Finalmente in Italia si sente l’urgenza di un dibattito serio e costruttivo sulla questione di genere, per una reale uguaglianza tra i sessi. Quasi all’unanimità si sente il bisogno di riflettere sul ruolo cui sono state relegate le donne nel corso della storia italiana. Un ruolo dettato soprattutto dal retaggio di una specificità culturale e religiosa che vede la donna come un accessorio del capofamiglia, sia il padre o il marito.
Basti pensare che fino al 5 agosto 1981, data in cui venne promulgata la legge 442, la società italiana poteva “vantare” un articolo del codice penale che recitava: “Chiunque cagiona la morte del coniuge, della figlia o della sorella, nell’atto in cui ne scopre la illegittima relazione carnale e nello stato d’ira determinato dall’offesa recata all’onor suo o della famiglia, è punito con la reclusione da tre a sette anni. Alla stessa pena soggiace chi, nelle dette circostanze, cagiona la morte della persona che sia in illegittima relazione carnale col coniuge, con la figlia o con la sorella”.
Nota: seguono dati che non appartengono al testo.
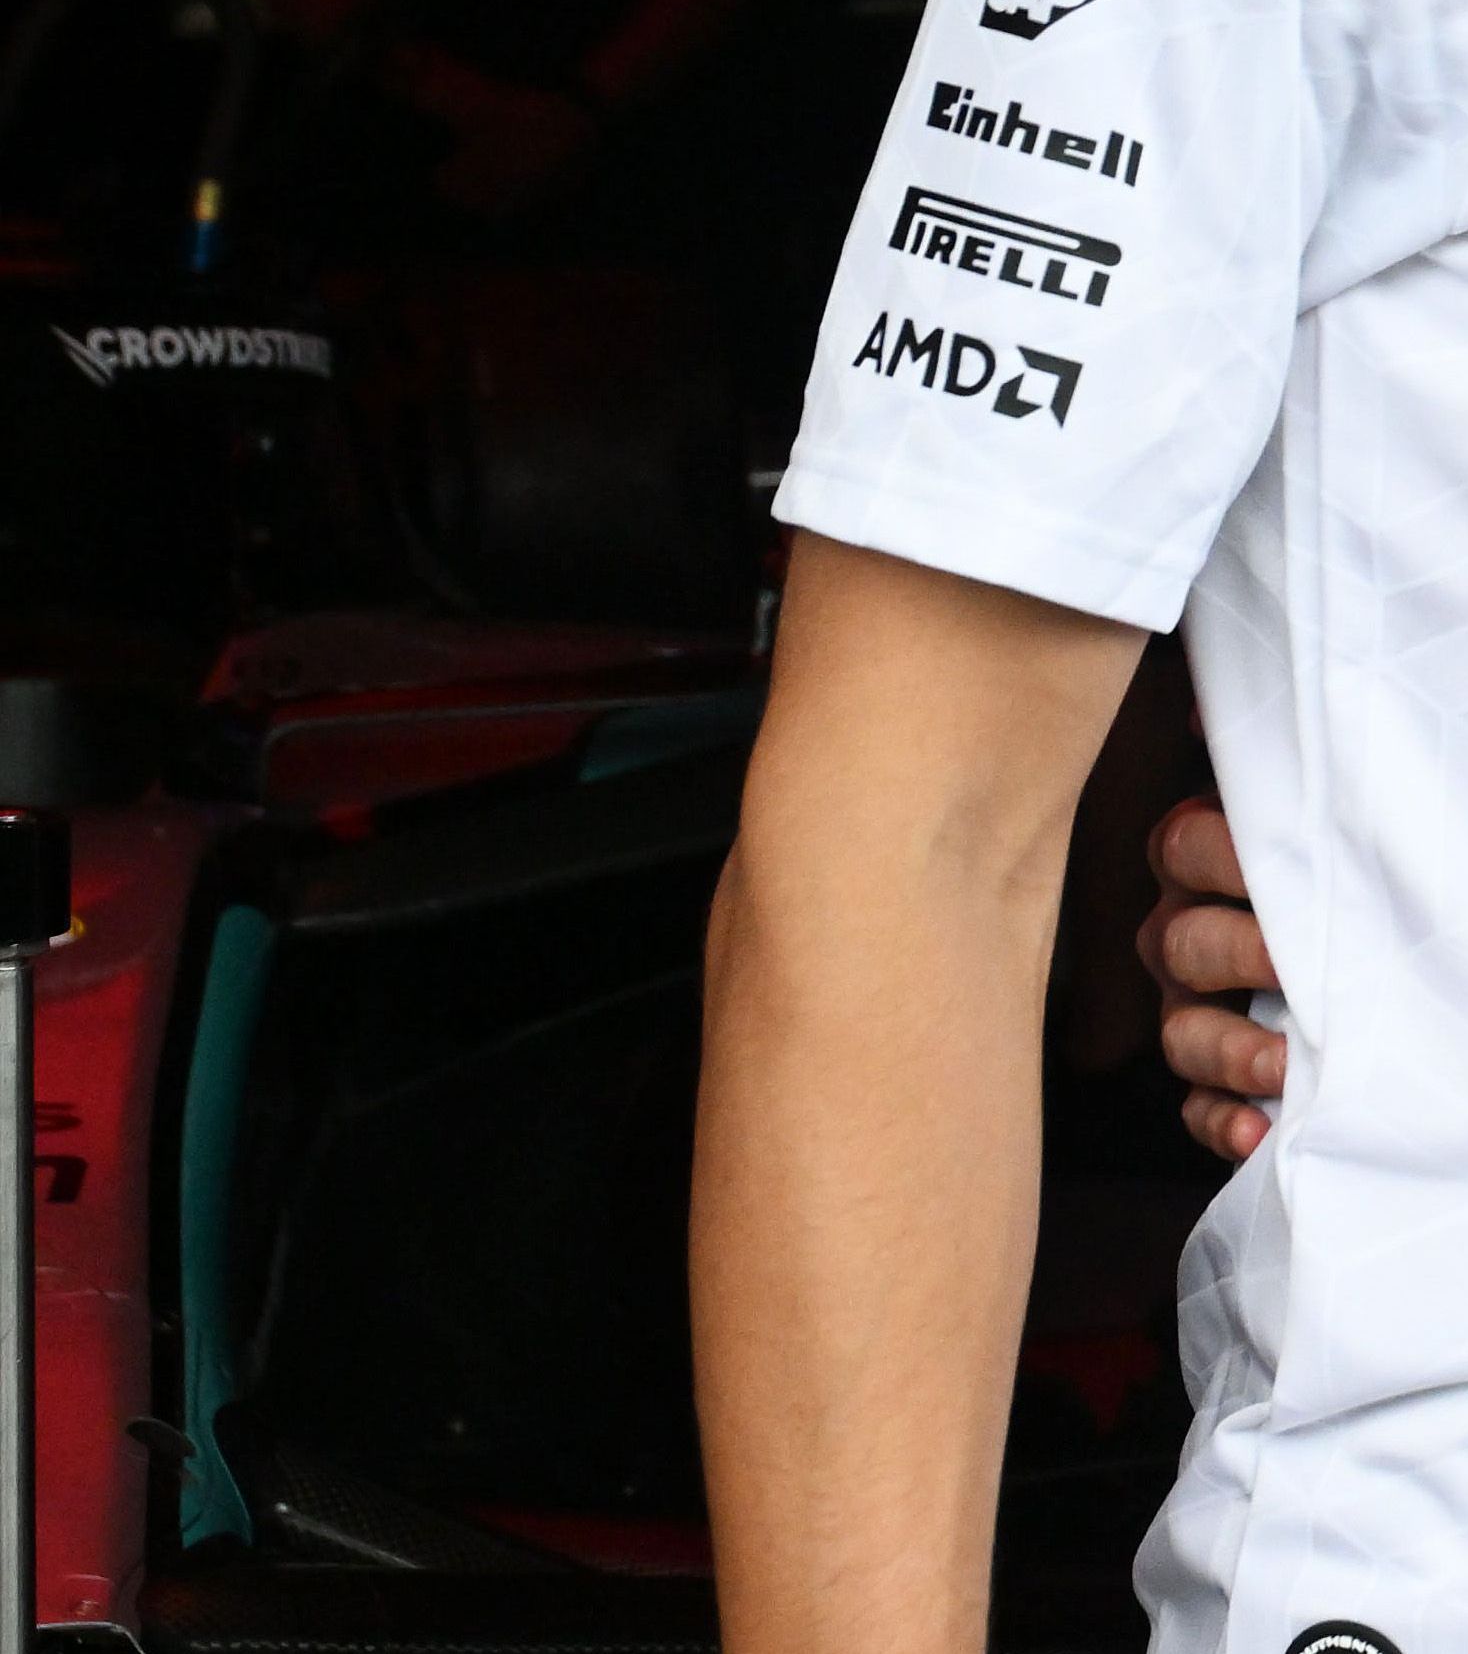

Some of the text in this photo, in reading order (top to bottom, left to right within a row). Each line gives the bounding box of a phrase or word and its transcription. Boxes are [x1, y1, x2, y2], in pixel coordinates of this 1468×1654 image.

[926, 80, 1144, 188] Einhell
[888, 185, 1122, 307] PIRELLI
[852, 310, 997, 398] AMD
Era infatti l’art. 587 del codice penale a consentire la riduzione della pena per chi avesse ucciso la moglie, la figlia o la sorella al fine di difendere “l’onor suo o della famiglia”.
Ma la legge n. 442 del 5/8/1981 abrogava anche un altro simpatico articolo del fu codice Rocco: il 544. Nel testo originario così disponeva: “Per i delitti preveduti dal capo primo e dall’articolo 530, il matrimonio, che l’autore del reato contragga con la persona offesa, estingue il reato, anche riguardo a coloro che sono concorsi nel reato medesimo; e, se vi è stata condanna, ne cessano l’esecuzione e gli effetti penali”. Era l’istituto del “matrimonio riparatore”, l’estinzione cioè del reato di stupro nel caso in cui il colpevole accettasse di sposare la propria vittima, come richiesto dai parenti di costei (spesso minorenne). Una pratica che presumeva di salvare “l’onore della famiglia”, poiché la violenza carnale era considerata un reato non contro la persona abusata, quanto contro la morale.
Mi ha sempre fatto un certo effetto esaminare i passaggi temporali del processo di emancipazione femminile in Italia. Attraverso le date infatti diventano ancora più assurde le contraddizioni che questo processo ha subito. La data dell’abrogazione del delitto d’onore e del matrimonio riparatore è successiva addirittura al referendum sul divorzio (1974) e alla riforma del diritto di famiglia (1975). E il motivo credo risieda proprio, come detto prima, nella considerazione della donna come accessorio della famiglia, che in Italia resta il centro di tutto. Ancora oggi. E a testimonianza di questa religiosa centralità, si erge dura e spinosa la questione dell’aborto.
Il 19 novembre, mentre l’opinione pubblica era tutta concentrata sul caso Brizzi, Don Francesco Pieri, sacerdote bolognese e docente alla Facoltà teologica dell’Emilia-Romagna – un’aggravante non da poco – ha postato sulla sua pagina Facebook una boutade piuttosto insensata, prima in un post pubblico, poi ristretto nella serata di sabato ai soli amici, forse a causa delle prime reazioni: «Ha più morti innocenti sulla coscienza Totò Riina o Emma Bonino?». Questo diceva lo status che ha incassato anche il ‘mi piace’ di don Massimo Vacchetti, vice-economo della Curia e responsabile della Pastorale dello sport.
Il riferimento evidente è all’impegno politico e civile della Bonino per la legge sull’aborto, la quale ha giustamente fatto notare che quello era un insulto non solo verso di lei, ma verso tutte le donne.
Don Pieri ha anche riportato, tra i commenti, che il Concilio Vaticano II con la sua Gaudium et spes «mette l’aborto (non importa se legalizzato, ospedalizzato e mutuabile o no) in serie con “genocidio, omicidio volontario” e altri crimini orrendi (GS 27), tra cui certamente quelli di mafia, e lo definisce “abominevole delitto” (GS 51). Solo che vedo meno gente disposta a indignarsi e schierarsi per “questi” innocenti. Anche tra chi metterebbe la mano sul fuoco per il Vaticano II».
Chiunque abbia un minimo di capacità razionale considererà probabilmente queste parole alla stregua del soliloquio di un ebbro vaneggiatore incrociato in un bar di Caracas. E sarebbe un errore. Perché argomentazioni di questo genere sono estremamente diffuse nel nostro Paese, a causa della “santità” della famiglia soprattutto alimentata da quell’ingombrante massa di dogmi che regge la Chiesa Cattolica di Roma e dal conseguente pensiero democristiano, altrettanto ingombrante e pervasivo nella nostra società.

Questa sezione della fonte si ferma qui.